THE TASK:
"this 1680×1890 image." appears in one line; retype that line and all lines following it through the end of the records, with nothing left out or added.

DATA FOR ANALYSIS:

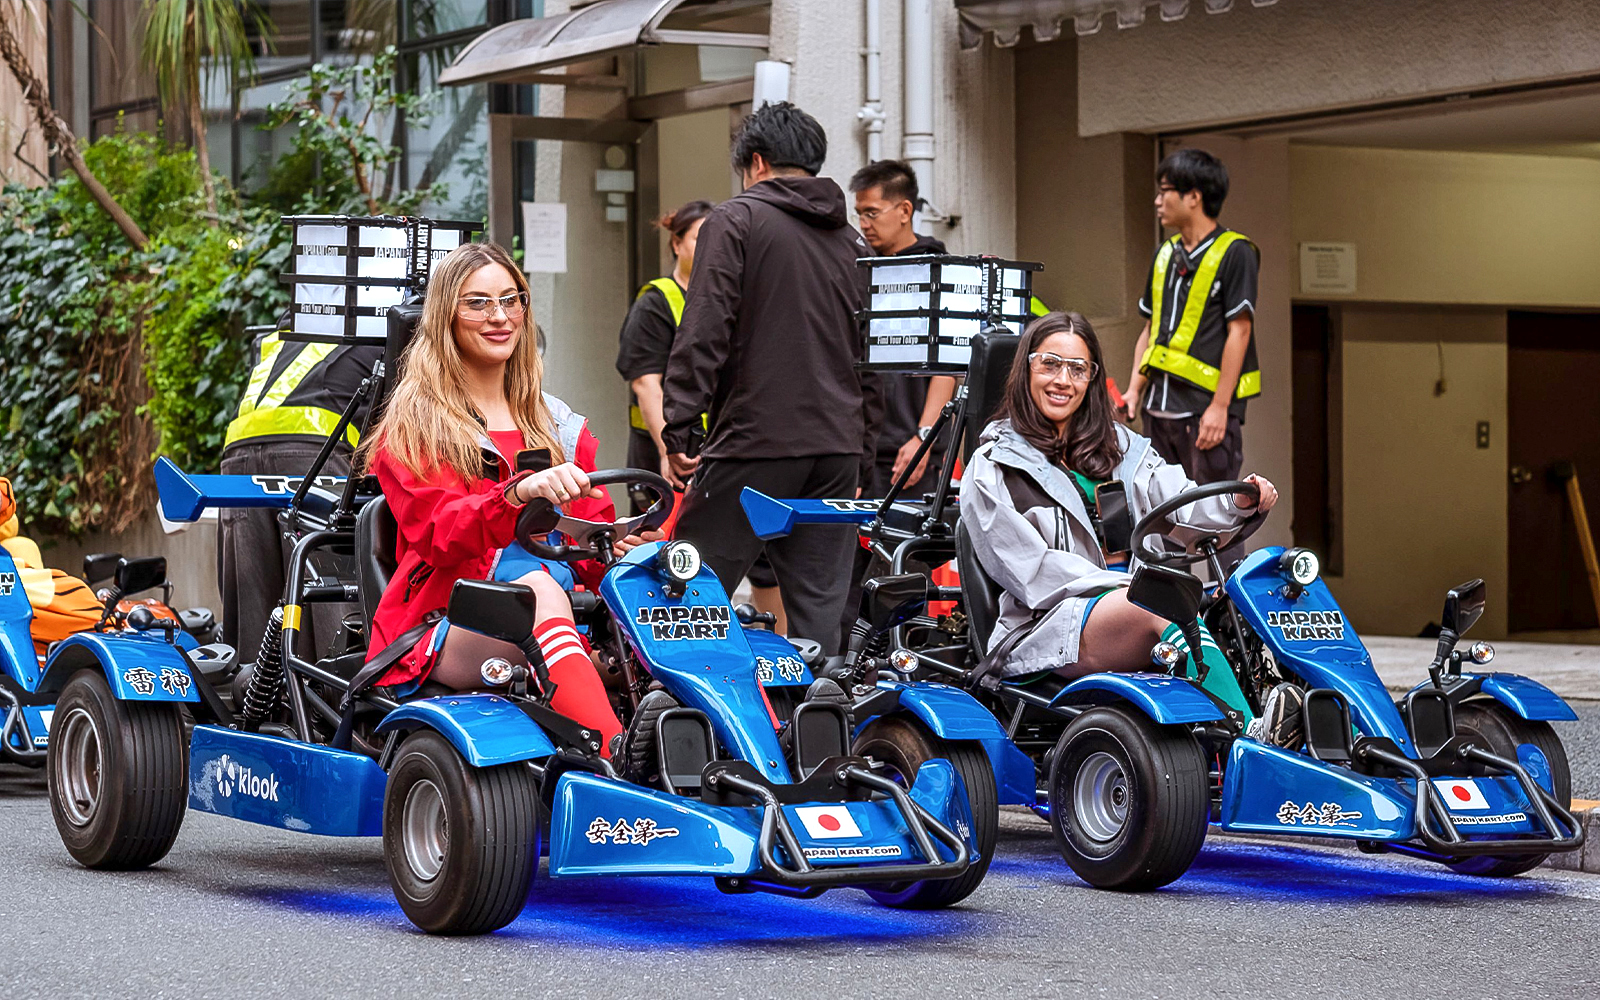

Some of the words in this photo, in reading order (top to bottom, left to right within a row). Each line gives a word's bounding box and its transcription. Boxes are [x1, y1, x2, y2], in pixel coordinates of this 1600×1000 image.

[952, 336, 971, 346] Find
[636, 606, 730, 625] JAPAN
[1267, 611, 1344, 627] JAPAN
[652, 623, 730, 641] KART
[1282, 626, 1345, 641] KART
[124, 667, 191, 697] 雷神
[238, 765, 279, 802] klook
[1276, 800, 1363, 826] 安全第一
[585, 817, 680, 846] 安全第一
[838, 846, 901, 858] KART.com
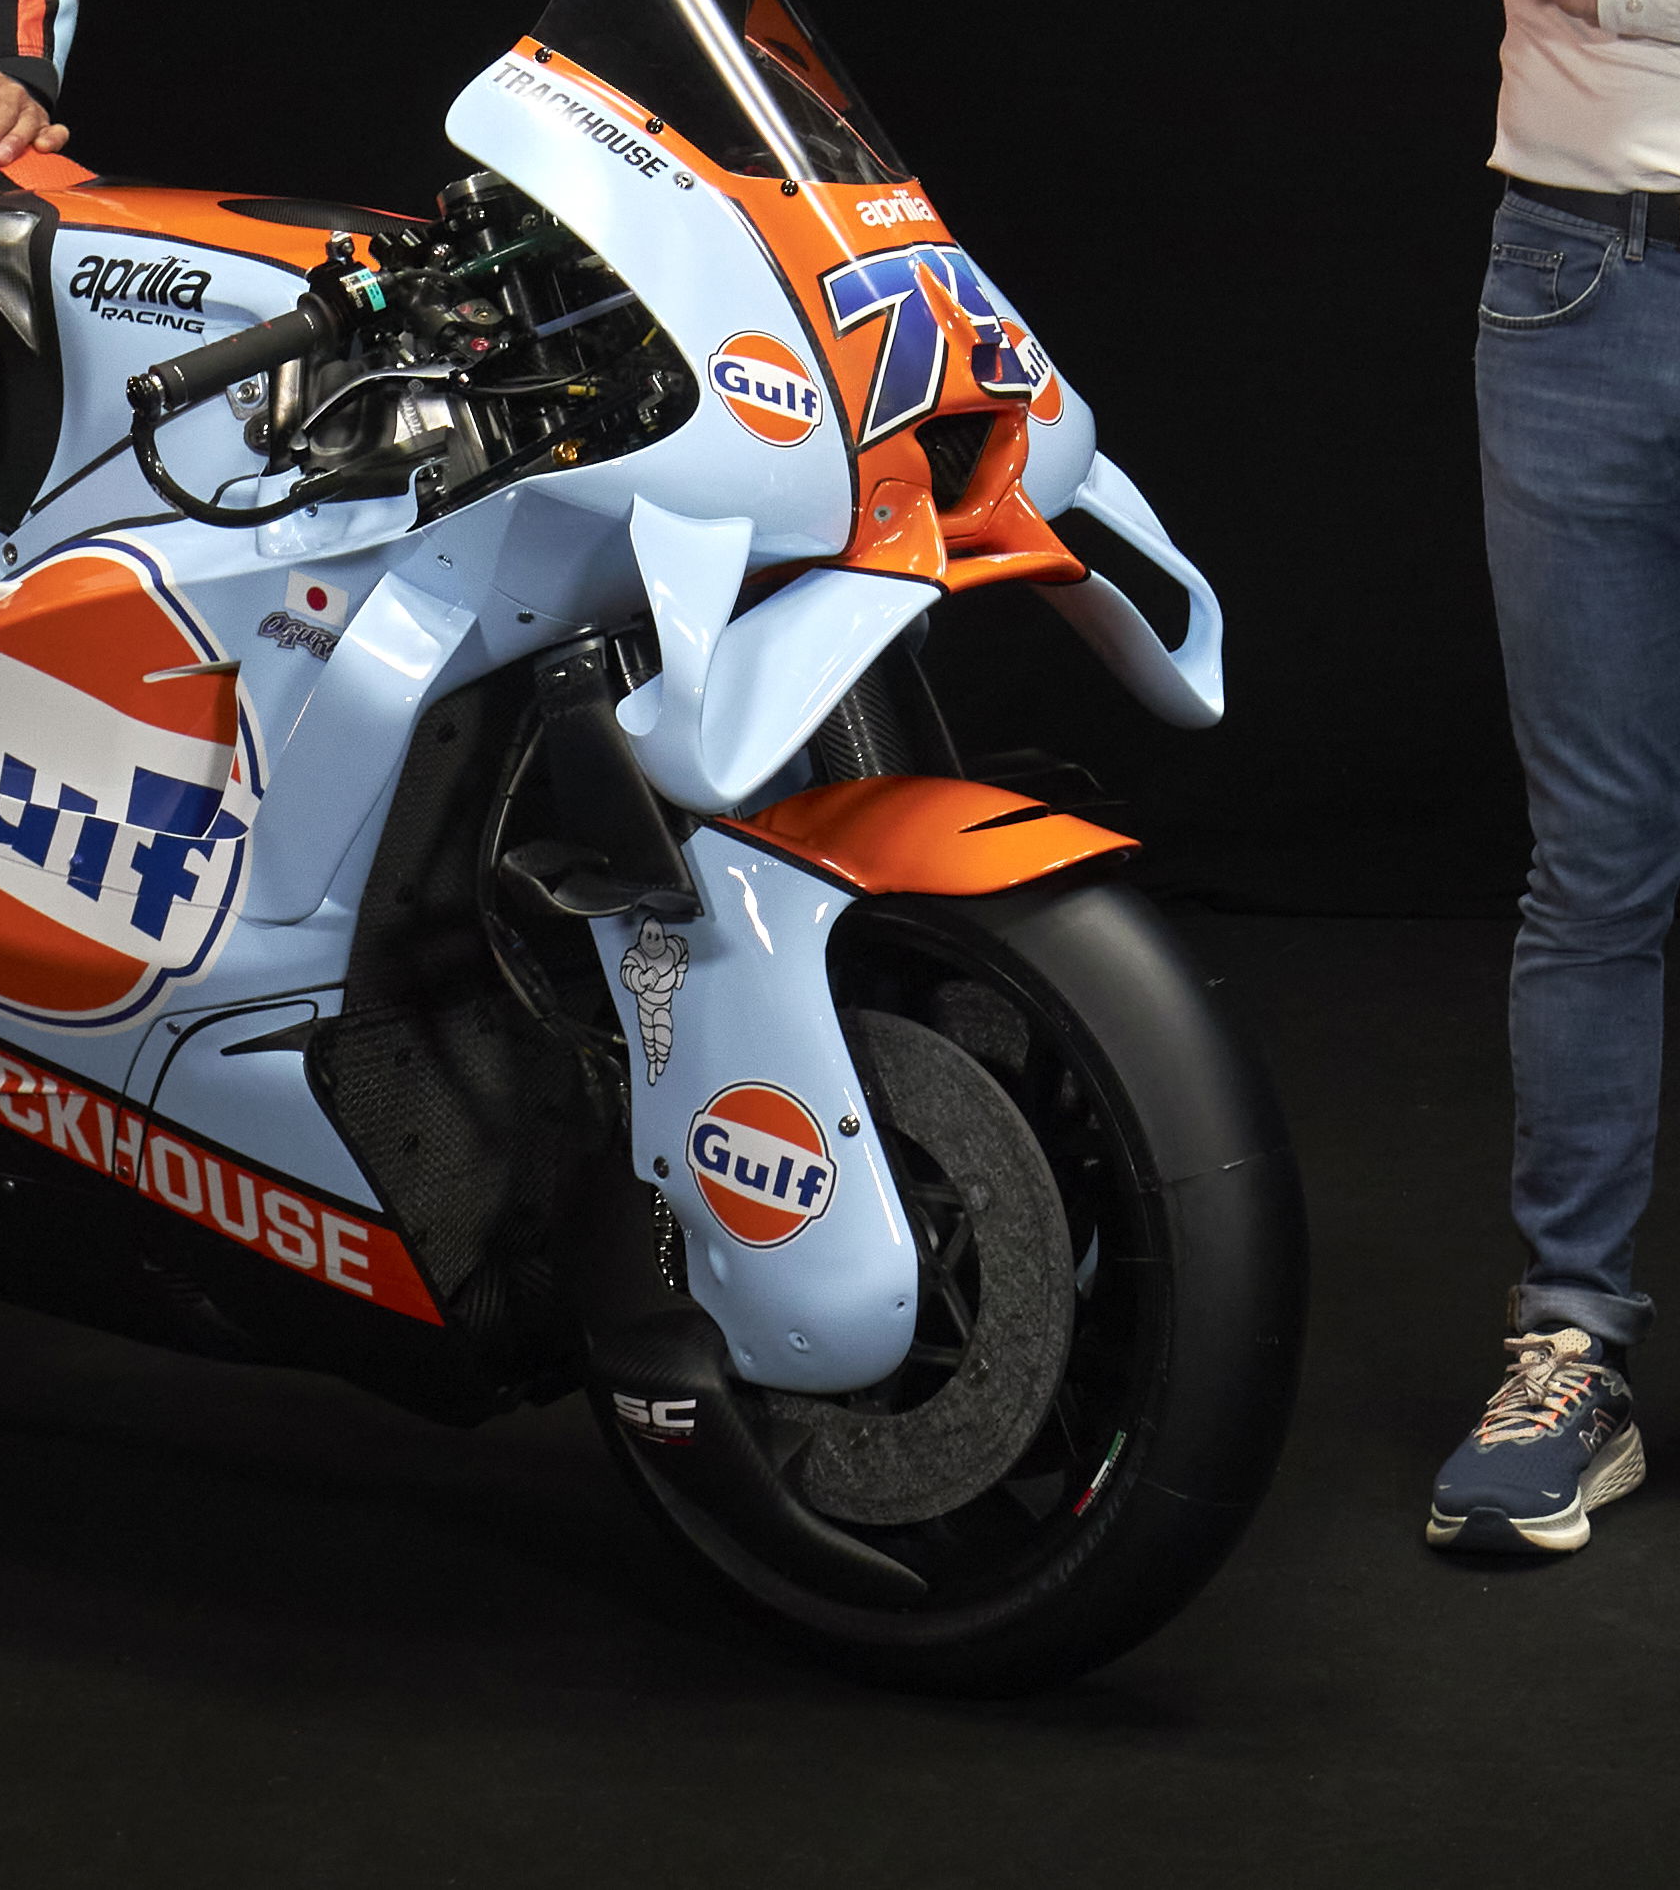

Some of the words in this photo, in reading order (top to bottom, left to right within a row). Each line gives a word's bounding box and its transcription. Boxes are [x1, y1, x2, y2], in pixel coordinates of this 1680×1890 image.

[492, 60, 669, 182] TRACKHOUSE
[856, 189, 937, 229] aprilia
[68, 254, 212, 313] aprilia
[100, 307, 205, 334] RACING
[712, 359, 820, 422] Gulf
[691, 1122, 829, 1210] Gulf
[612, 1391, 698, 1429] SC

SOLUTION:
Some of the words in this photo, in reading order (top to bottom, left to right within a row). Each line gives a word's bounding box and its transcription. Boxes are [x1, y1, x2, y2], in pixel coordinates of this 1680×1890 image.

[492, 60, 669, 182] TRACKHOUSE
[856, 189, 937, 229] aprilia
[68, 254, 212, 313] aprilia
[100, 307, 205, 334] RACING
[712, 359, 820, 422] Gulf
[691, 1122, 829, 1210] Gulf
[612, 1391, 698, 1429] SC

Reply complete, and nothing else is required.